Now, I'm also not knocking safety requirements. I'm fully aware that some of
those structures exist for a very good reason -- I just feel like we have gone
way overboard in virtually every industry. For a great piece discussing the
medical industry specific, I highly recommend this essay:
[https://faculty.chicagobooth.edu/john.cochrane/research/pape...](https://faculty.chicagobooth.edu/john.cochrane/research/papers/after_aca.pdf)

------
mongol
Really eye-opening to read in order.

------
LiesNStartupPR
Original blog post author here.

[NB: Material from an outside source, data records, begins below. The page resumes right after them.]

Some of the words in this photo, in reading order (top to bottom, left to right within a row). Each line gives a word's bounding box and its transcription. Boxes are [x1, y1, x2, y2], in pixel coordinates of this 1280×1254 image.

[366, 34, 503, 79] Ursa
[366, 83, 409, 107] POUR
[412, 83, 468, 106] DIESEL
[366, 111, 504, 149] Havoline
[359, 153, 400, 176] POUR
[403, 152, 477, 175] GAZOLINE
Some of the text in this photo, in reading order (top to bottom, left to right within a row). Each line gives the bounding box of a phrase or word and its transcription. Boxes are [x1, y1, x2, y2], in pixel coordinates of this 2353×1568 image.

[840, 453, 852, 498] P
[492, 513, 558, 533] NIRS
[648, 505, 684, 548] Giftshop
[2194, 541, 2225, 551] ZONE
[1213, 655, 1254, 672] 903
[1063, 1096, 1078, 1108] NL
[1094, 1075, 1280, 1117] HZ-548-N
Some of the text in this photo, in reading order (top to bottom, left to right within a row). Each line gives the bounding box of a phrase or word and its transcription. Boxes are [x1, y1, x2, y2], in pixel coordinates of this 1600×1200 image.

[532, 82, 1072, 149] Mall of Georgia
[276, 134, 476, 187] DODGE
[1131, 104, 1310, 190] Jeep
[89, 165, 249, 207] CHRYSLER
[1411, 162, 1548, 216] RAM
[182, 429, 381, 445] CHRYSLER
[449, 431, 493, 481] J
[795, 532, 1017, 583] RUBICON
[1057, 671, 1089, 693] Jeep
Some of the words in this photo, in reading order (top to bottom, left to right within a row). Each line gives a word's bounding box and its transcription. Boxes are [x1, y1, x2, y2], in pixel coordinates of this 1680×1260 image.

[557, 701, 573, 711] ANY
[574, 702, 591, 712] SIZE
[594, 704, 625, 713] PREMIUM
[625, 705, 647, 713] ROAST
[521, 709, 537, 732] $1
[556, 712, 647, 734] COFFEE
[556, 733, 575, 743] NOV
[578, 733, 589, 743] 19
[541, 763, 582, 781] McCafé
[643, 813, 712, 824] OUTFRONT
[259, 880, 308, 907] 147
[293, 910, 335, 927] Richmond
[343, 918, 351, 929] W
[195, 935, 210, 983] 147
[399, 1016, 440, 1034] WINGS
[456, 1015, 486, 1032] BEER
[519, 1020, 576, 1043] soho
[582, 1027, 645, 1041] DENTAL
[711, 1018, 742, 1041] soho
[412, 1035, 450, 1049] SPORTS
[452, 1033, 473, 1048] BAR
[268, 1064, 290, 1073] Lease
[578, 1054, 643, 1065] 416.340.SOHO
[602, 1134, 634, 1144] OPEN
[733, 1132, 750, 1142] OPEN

Thanks to everyone for their comments, I've
tried to answer as much of the issues raised as I can in a new blog post,
here.

[http://liesandstartuppr.blogspot.com/2016/12/medical-
ultraso...](http://liesandstartuppr.blogspot.com/2016/12/medical-ultrasound-
systems-pt-ii-where.html)

TL;DR summary - ultrasound engineers are not stupid, are adding capabilities
as they can, and driving costs down, but demands keep rising as new
applications are found, and there is not yet the "killer app" demand for
ultrasound that will drive smartphone sized economies of scale to lower prices
massively. Regulation is not a huge cost driver (and you seriously do not want
no regulation), and there is no cartel action in ultrasound conspiring to keep
prices high, it's actually an incredibly competitive industry.